##### Extracted material #####

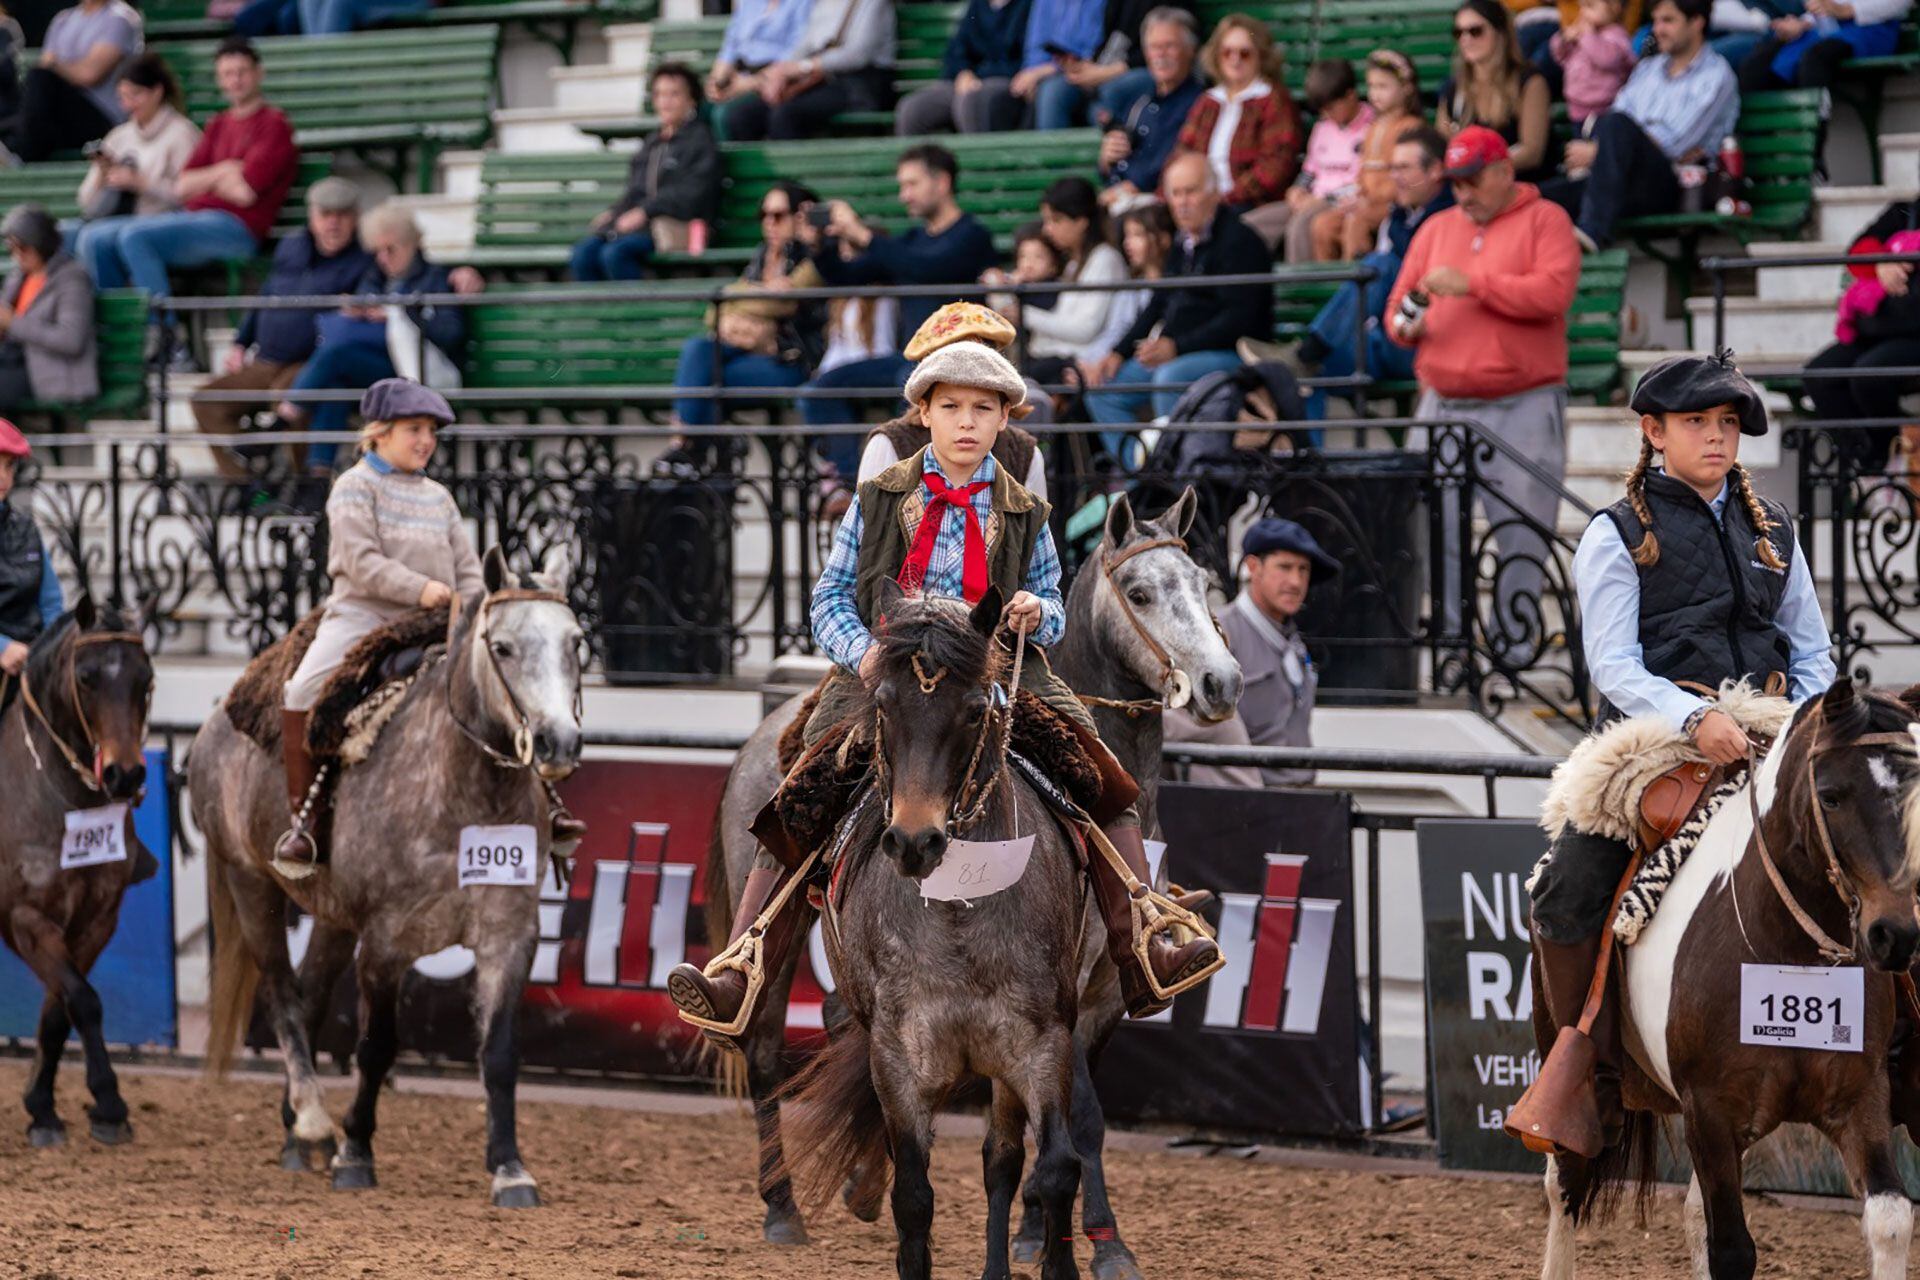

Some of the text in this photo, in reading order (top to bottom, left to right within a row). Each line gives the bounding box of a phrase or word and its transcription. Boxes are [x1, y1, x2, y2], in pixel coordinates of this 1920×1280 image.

[75, 823, 114, 848] 1907
[466, 845, 523, 868] 1909
[959, 862, 991, 885] 81
[1760, 994, 1842, 1025] 1881
[1766, 1027, 1794, 1036] Galicia
[1477, 1103, 1503, 1129] La

#####

● **What you will do**: Could you retype every line above exactly as it appears, skipping the pictures?

● **Exercise solution**:
Some of the text in this photo, in reading order (top to bottom, left to right within a row). Each line gives the bounding box of a phrase or word and its transcription. Boxes are [x1, y1, x2, y2], in pixel coordinates of this 1920×1280 image.

[75, 823, 114, 848] 1907
[466, 845, 523, 868] 1909
[959, 862, 991, 885] 81
[1760, 994, 1842, 1025] 1881
[1766, 1027, 1794, 1036] Galicia
[1477, 1103, 1503, 1129] La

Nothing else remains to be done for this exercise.